中学生の中には、勉強に対する意識の低い子も多いです。
例えば、テスト当日の朝に提出するワーク。
学校から、解答も一緒に渡されている場合が大半ですが、結局、答えを丸写しで提出する子、いますよね。
「自分で解こうとしてもわからないから」
というのが本人の言い分。
ある意味説得力のあるこの言い分、しかし、たいていは嘘です。
ワークは、そんなに難しいものではありませんから。
正確には「解けない問題もある」程度のことを、誇張して言っているだけです。
(^-^;


うちの塾に通うある女子生徒は、とにかくミスが多いです。
しかもミスが多様で、「こういうところでミスしやすい」という傾向がありません。
全方向でミスをします。
足し算ミス、引き算ミス、九九の誤用、約分ミス、符号ミス、問題の写し間違い、項を1つ書き忘れる、文字を1つ書き忘れる、数字の書き間違い。
枚挙にいとまがありません。
数学指導をする場合、学年が上がるにつれてそういうことが課題となってしまうことが多いです。
解ける問題も途中でミスをしますから、得点は期待できず、絶望感が深くなっていきます。

計算力というよりも精神力の問題なのかもしれません。
数学の問題を解いている間も、常に動揺しているのではないか?
余計なことを考えているのではないか?
特に十代の女の子は、大人が外から見ているよりもずっと感情の波が大きく、多感で、言ってみればいつも動揺しています。
それでは計算なんか合うわけがありません。
「わからない」と感じると心が揺れ、「わかった♡」と思うとまた心が揺れ。
いちいち人間的、感情的に反応していたら、正しい計算はできません。
機械のように冷静に。
機械のように正確に。
そのようでなければ、複雑な計算はこなせません。

しかし、そう話しても、冷静であることを本人が是としません。
機械のようになるのは嫌なんだそうです。

人間であることを辞めろなんて誰も言っていない。
数学の問題を解く間だけ冷静になりなさいと言っているだけだよと説明しても拒絶します。
繊細・多感であり、他人への共感性が高いことと、数学の問題を冷静に解くことは両立するのに、どうもそういうことが上手く伝わりません。
相変わらず日々心が揺れ、数学の答案は、ひどいときには毎行ミスをしています。

これは、もうどうにもならないのではないか?
ともすると、私のほうが先に諦めてしまいそうになります。

相変わらずのミスの多さに、私が眉間にしわを寄せて授業をしていた先日のこと。
学校から新しい問題集が配られ、ゴールデンウィークにそこから課題が出たけれど、いつもと違って解答が配られないという報告がありました。
「解答が配られない?何で?」
「さあ・・・・・?」
「解答を丸写しする人が多いから、学校の先生が方針を変えた?」
「私は写してませんよ」
「知ってますよ。
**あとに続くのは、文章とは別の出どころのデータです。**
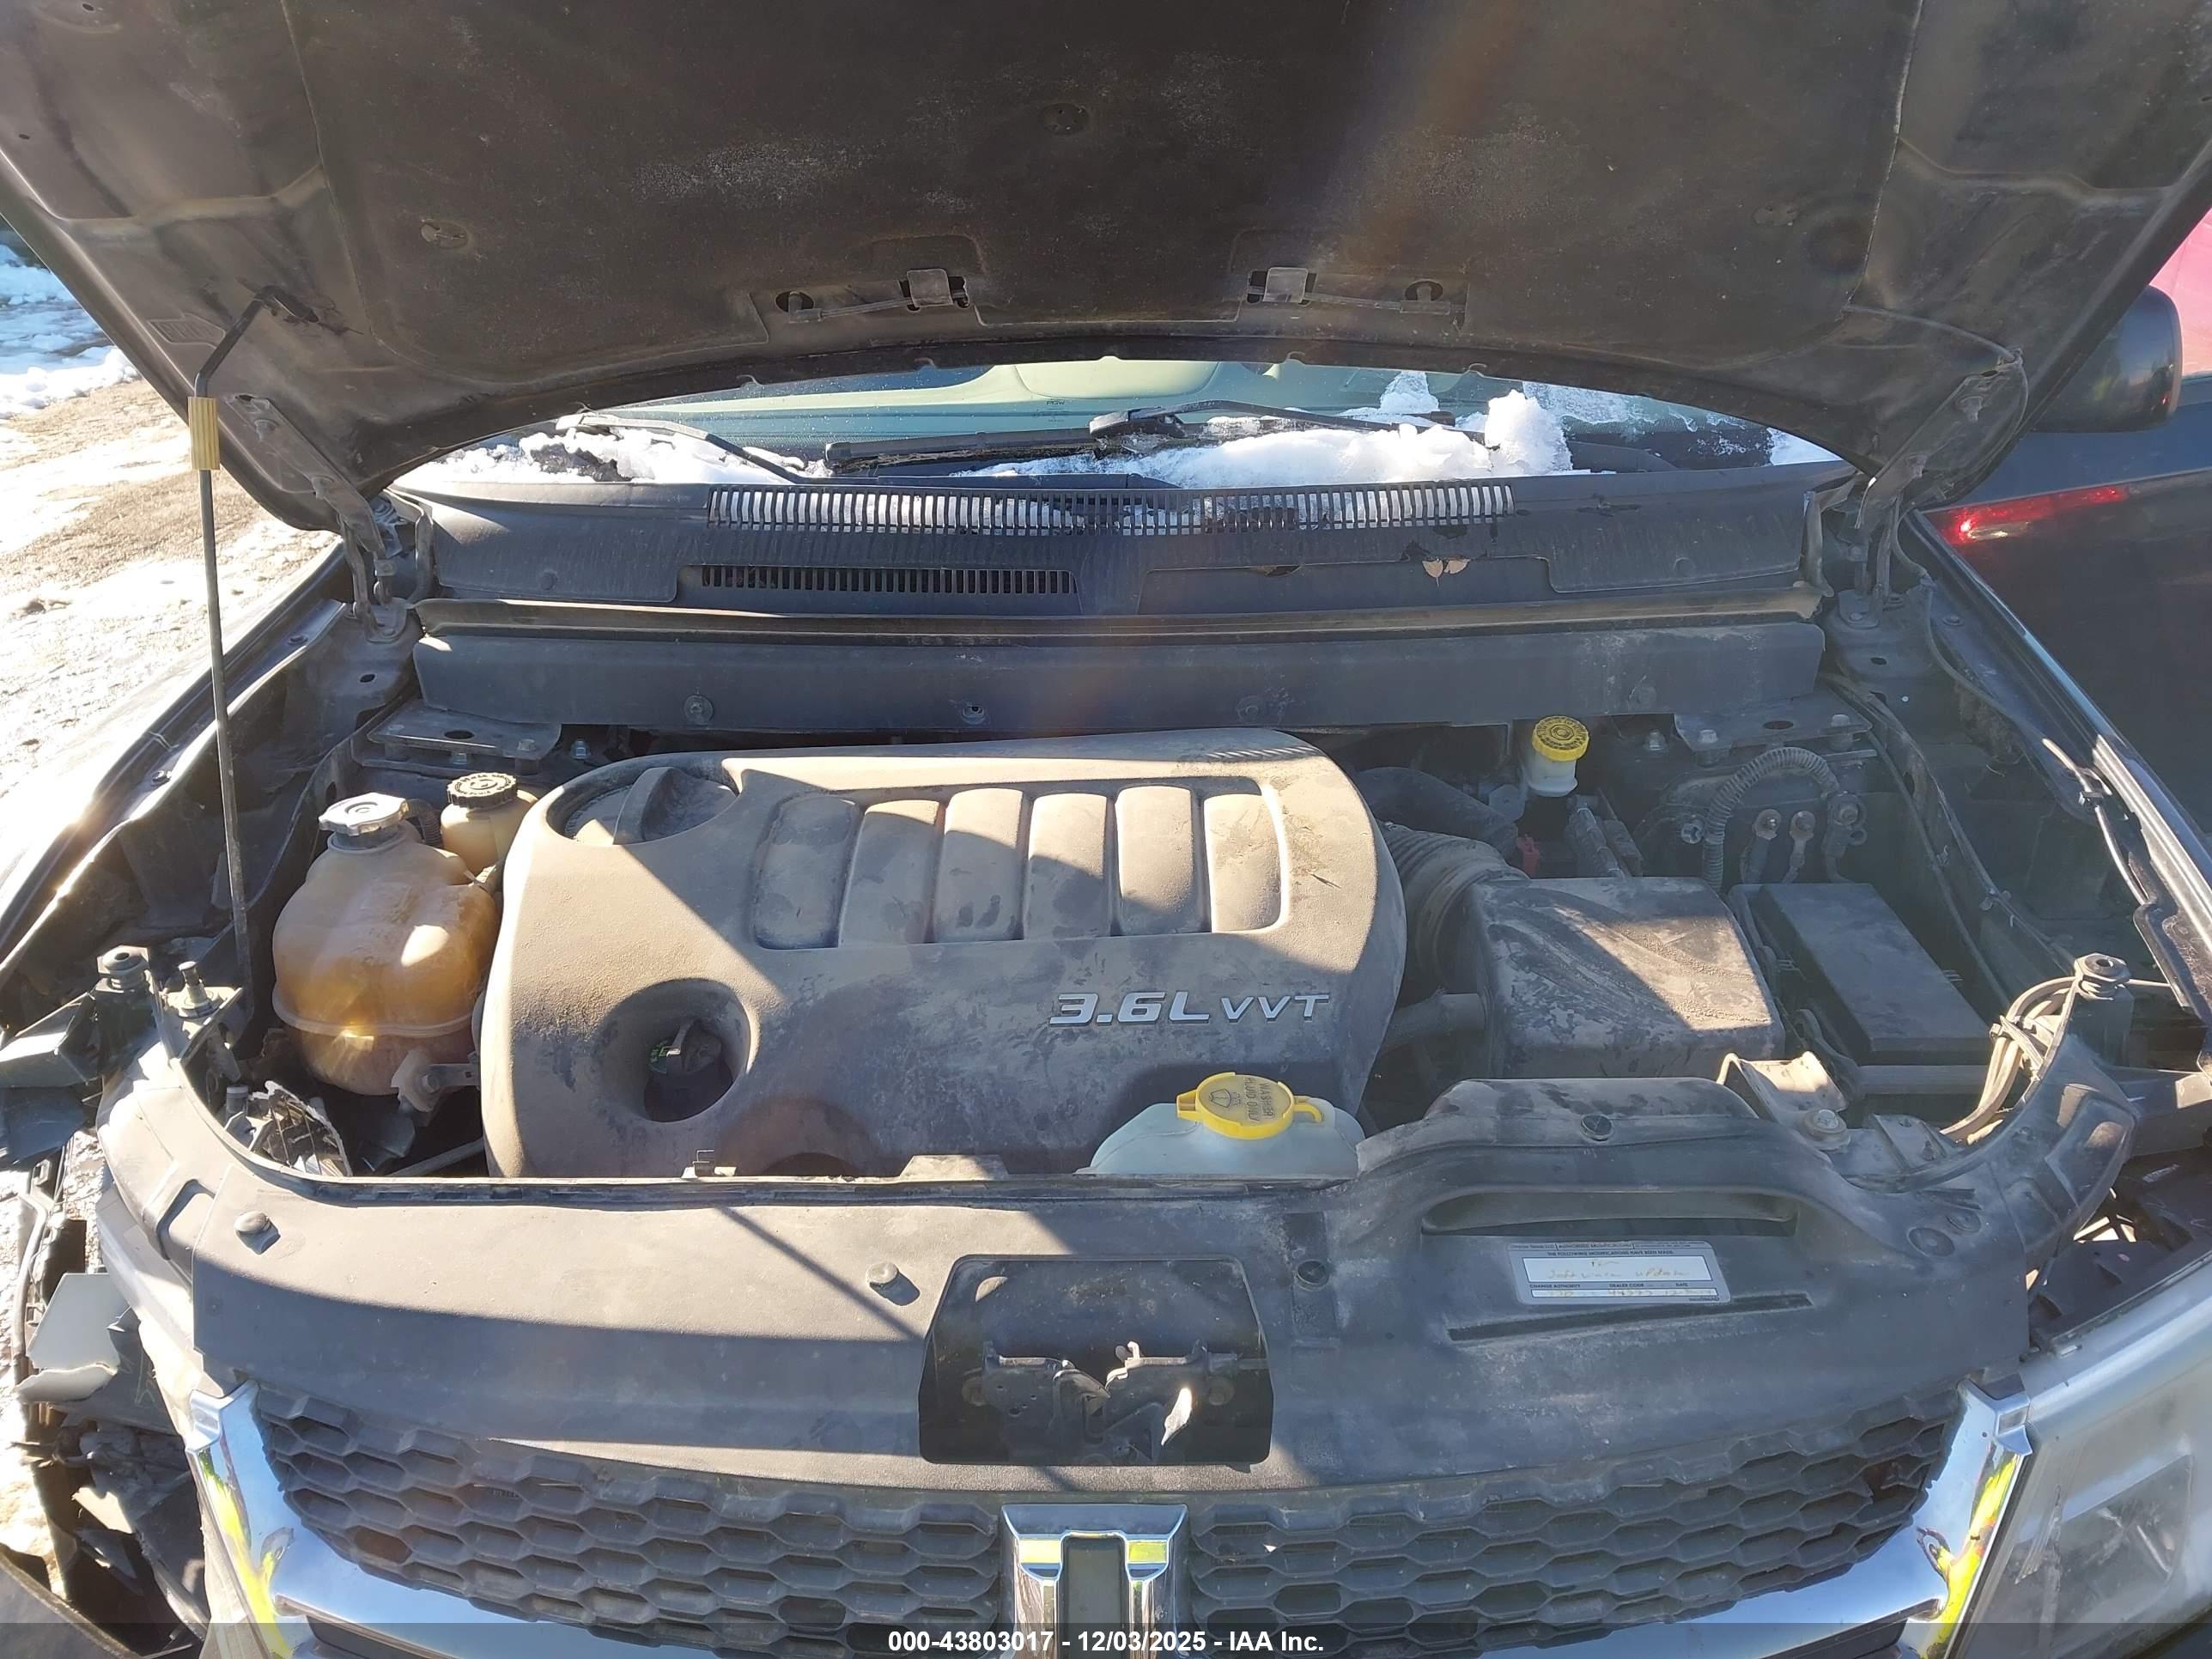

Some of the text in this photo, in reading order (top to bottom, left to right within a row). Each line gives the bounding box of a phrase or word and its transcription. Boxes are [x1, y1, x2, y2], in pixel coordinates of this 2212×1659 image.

[1048, 991, 1330, 1027] 3.6L VVT
[1243, 1077, 1260, 1121] FLUID ONLY
[1258, 1082, 1276, 1118] WASHER
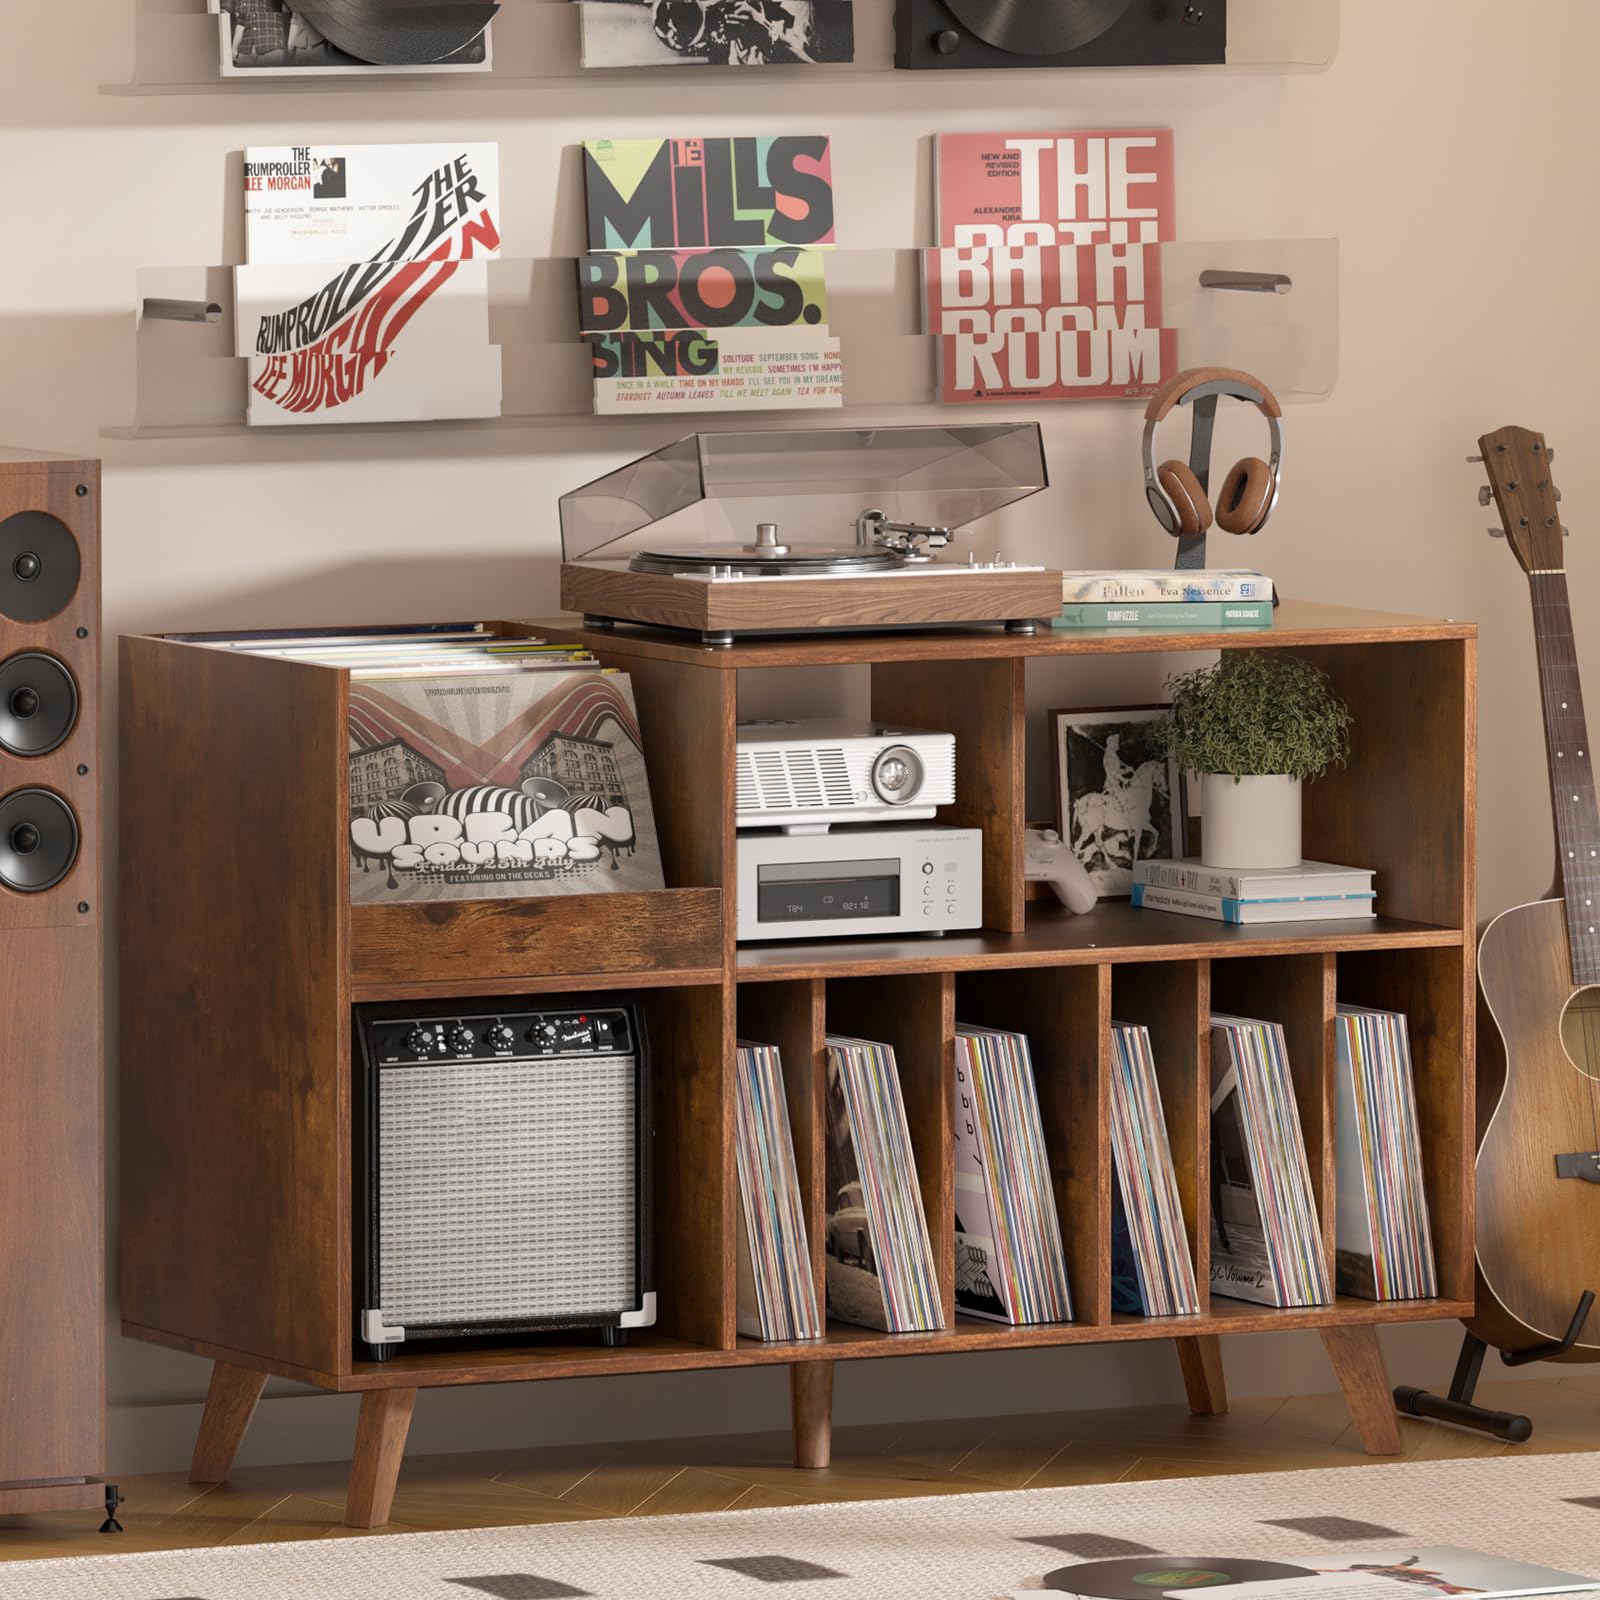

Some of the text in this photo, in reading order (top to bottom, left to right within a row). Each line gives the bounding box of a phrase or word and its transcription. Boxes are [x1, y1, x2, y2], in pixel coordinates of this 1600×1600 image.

[291, 147, 311, 161] THE
[247, 162, 311, 176] RUMPROLLER
[985, 161, 1020, 169] REVISED
[245, 175, 311, 191] LEE MORGAN
[1005, 137, 1158, 221] THE
[408, 152, 473, 223] THE
[585, 136, 835, 249] MILLS
[973, 206, 1021, 214] ALEXANDER
[940, 221, 1158, 308] BATH
[579, 246, 822, 332] BROS.
[582, 328, 719, 378] SING
[941, 304, 1160, 390] ROOM
[722, 353, 754, 363] SOLITUDE
[759, 352, 798, 361] SEPTEMBER
[801, 352, 819, 360] SONG
[723, 366, 733, 374] MY
[768, 364, 806, 373] SOMETIMES
[252, 354, 288, 401] LEE
[616, 381, 634, 390] ONCE
[636, 381, 644, 389] IN
[646, 380, 651, 388] A
[655, 380, 674, 389] WHILE
[679, 379, 694, 388] TIME
[697, 379, 707, 387] ON
[709, 379, 719, 387] MY
[722, 378, 745, 386] HANDS
[763, 376, 775, 384] SEE
[779, 376, 791, 384] YOU
[794, 376, 801, 384] IN
[803, 375, 813, 384] MY
[616, 392, 652, 401] STARDUST
[656, 391, 686, 400] AUTUMN
[689, 390, 714, 399] LEAVES
[737, 389, 747, 397] WE
[751, 388, 769, 397] MEET
[772, 388, 792, 396] AGAIN
[797, 387, 810, 396] TEA
[813, 386, 826, 395] FOR
[1160, 588, 1178, 596] Eva
[1182, 586, 1231, 596] Nessence
[350, 806, 637, 855] URBAN
[391, 835, 602, 869] SOUNDS
[414, 856, 576, 875] Friday 25th July
[450, 870, 551, 882] FEATURING ON THE DECKS
[823, 896, 834, 904] CD
[1255, 1271, 1265, 1288] 2
あなたは、そういうことはしないです。でも、丸写しする人もいるでしょう?」
「あー、・・・・。それは、まあ」
「あなたは解答を写さないね。必ず自分で解くね」
「だってそれは・・・・・。答えをただ書き写している時間は、無駄な時間だと思うから。間違えても、自分で解いたほうが無駄な時間じゃないから」
「・・・・・・」

大人に言われたからではなく、中学生の本人が自分でそう判断しているのです。

この子は、大丈夫じゃないか。

むしろ、私は何を不満に思い、何に不安を感じているのだろう。
こういう考え方のできる子は、大丈夫じゃないか。
いずれ、冷静に問題を解けるようになるのではないか。
少なくとも私が諦めるのはおかしい。

ふっと、未来に光が差すように感じました。